I- REFLEXÃO DOMINICAL II
20 de abril – DOMINGO DA PÁSCOA NA
RESSURREIÇÃO DO SENHOR
Por Junior Vasconcelos do Amaral*
“Ele devia ressuscitar dos mortos”
I. INTRODUÇÃO GERAL
Celebramos hoje o dia
sem ocaso, o domingo da Páscoa na Ressurreição do Senhor. É o dia que o Senhor
fez para nós, como canta alegre o salmo dessa assembleia santa. Expressa-se o
convite à alegria, à exultação e à felicidade. Rezamos o mistério fontal de nossa
fé: o Cristo vivo e ressuscitado. Ele é vencedor da morte, garantindo-nos a
esperança da feliz ressurreição, no encontro definitivo com o Senhor, na glória
eterna.
Na primeira leitura, dos
Atos dos Apóstolos, Pedro proclama um discurso que, por um lado, acentua a
responsabilidade do povo, o qual prega Jesus na cruz e o mata, e, por outro,
destaca a ação do Pai, que, por sua onipotência, ressuscita o Cristo ao
terceiro dia. A ação da Igreja nascente e dos apóstolos é pregar e
testemunhar ao povo a ação salvífica de Jesus ressuscitado, permitindo-lhes
perceber que a autoridade-poder do Senhor vem do Pai. Na segunda leitura, da
carta aos Colossenses, por um lado, ratifica-se a salvação trazida por Cristo e
sua primazia no mundo; por outro, acentua-se o despertar da ética em vista da
fé. A expressão “esforçai-vos por alcançar as coisas do alto” (v. 1b) marca o
empenho prático do cristão em conformar suas ações do cotidiano da vida com sua
profissão de fé. O texto evangélico revela não só a incredulidade dos
discípulos no dia da Páscoa, mas também como Pedro e João chegaram à fé no
Ressuscitado. Maria Madalena recebe também notoriedade, uma vez que foi ela,
uma mulher, a primeira testemunha do túmulo vazio. Ela é a “Apóstola dos
apóstolos”, como afirmou Santo Tomás de Aquino. Assim, celebrando este dia
solene e alegre, confiemo-nos ao Senhor para que, na vivência dos valores
evangélicos e cristãos, possamos um dia participar da glória da eternidade,
quando Deus nos chamar desta vida à plenitude.

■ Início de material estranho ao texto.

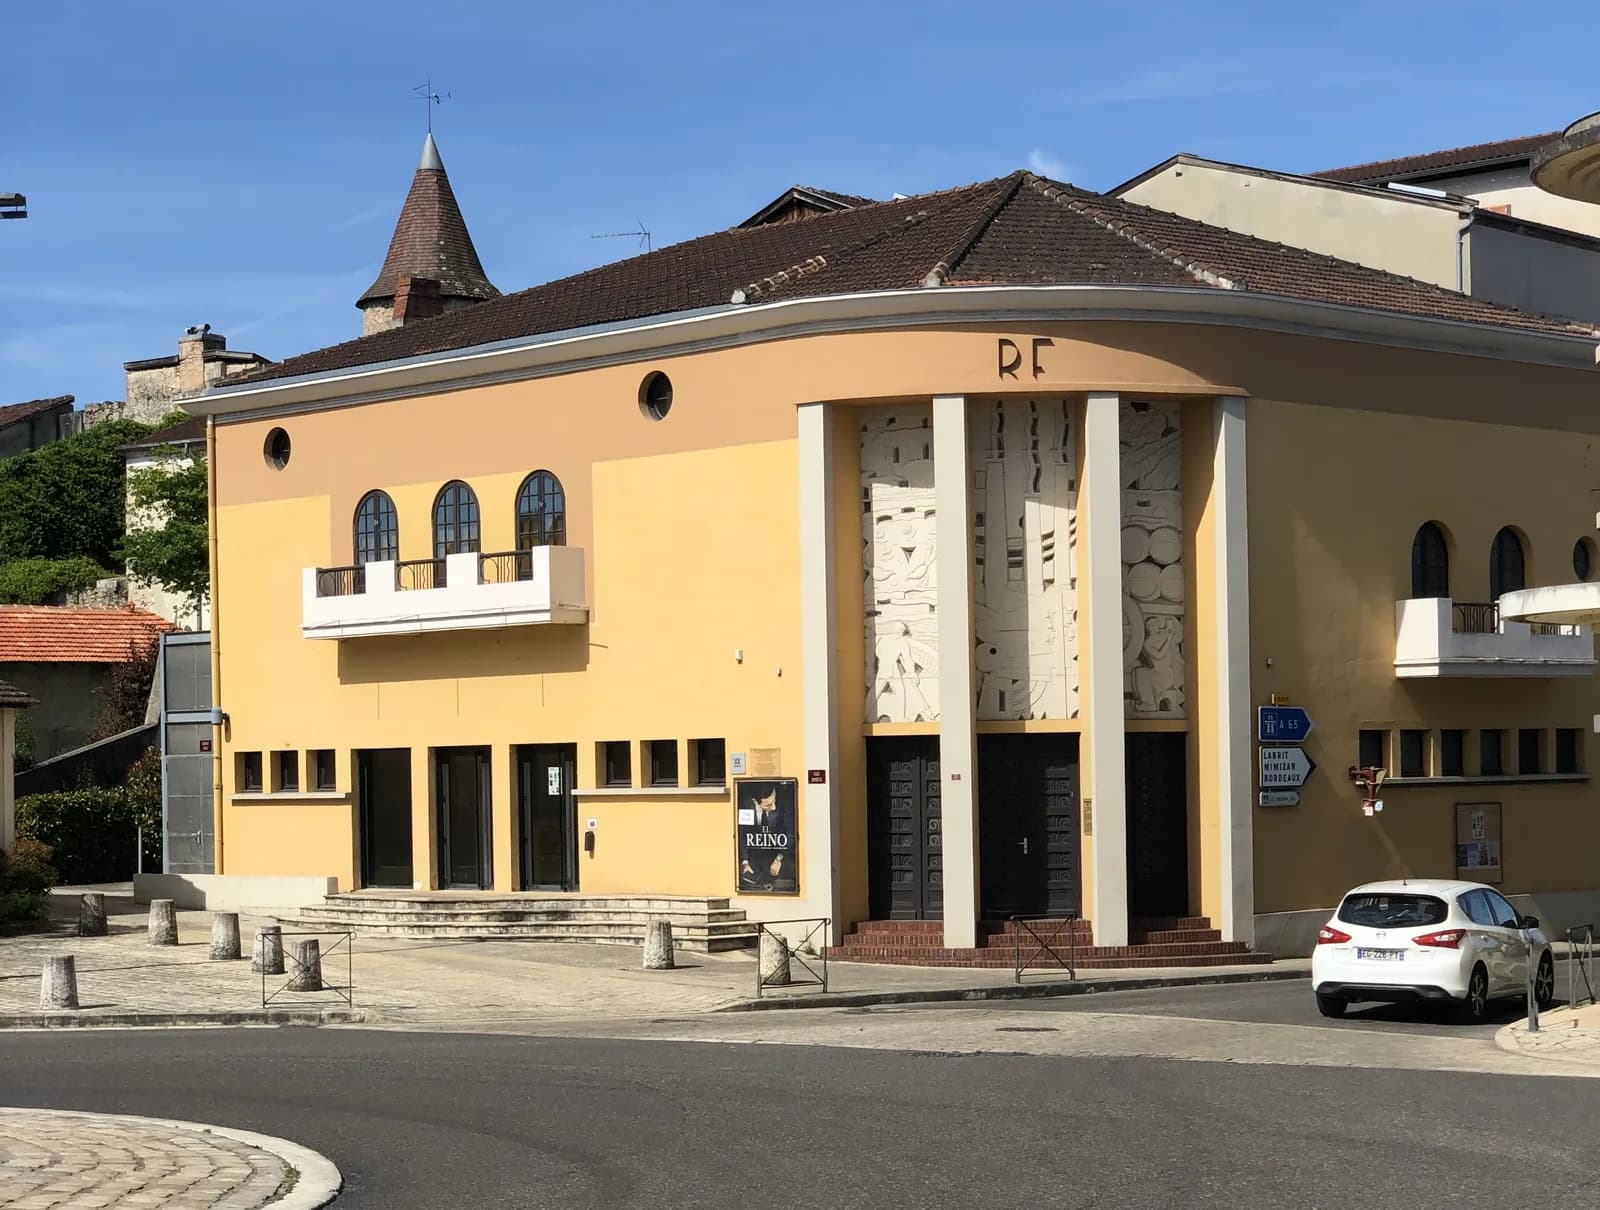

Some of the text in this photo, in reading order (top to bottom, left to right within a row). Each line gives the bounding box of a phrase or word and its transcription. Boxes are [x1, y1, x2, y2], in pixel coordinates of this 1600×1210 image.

[998, 338, 1056, 381] RF
[1279, 719, 1299, 730] A 65
[1263, 751, 1289, 760] LABRIT
[1263, 762, 1296, 771] MIMIZAN
[1263, 774, 1301, 783] BORDEAUX
[746, 833, 788, 847] REINO

II. COMENTÁRIO DOS TEXTOS BÍBLICOS
1. I leitura (At 10,34a.37-43)
Nos cinquenta dias
pascais, começando com esta liturgia, leremos, cotidianamente, trechos dos Atos
dos Apóstolos. A comunidade cristã primitiva torna-se modelo e exemplo para a
vivência da fé no hoje de nossa vida. Do mesmo modo que o Ressuscitado iluminou
a experiência dos primeiros cristãos, assim também deve iluminar nossa vida,
nossos lares, famílias e comunidades.
Estamos diante de um
discurso querigmático do apóstolo Pedro. Nessa altura do livro (cap. 10), tal
discurso já não se destina somente ao povo hebreu – como vemos, por exemplo, em
At 2,14-36 –, mas sim a todos aqueles que, pela fé, buscam a Deus. Vai
cumprindo-se, desse modo, o mandato de Jesus, presente nos Evangelhos, de que a
Boa-nova da salvação seja anunciada até os “confins do mundo”. Pedro começa a
dizer quem é Jesus e desenvolve, logo em seguida, a missão que ele realizou. O
Senhor foi aquele “ungido por Deus com o Espírito Santo e com poder” (v. 38a).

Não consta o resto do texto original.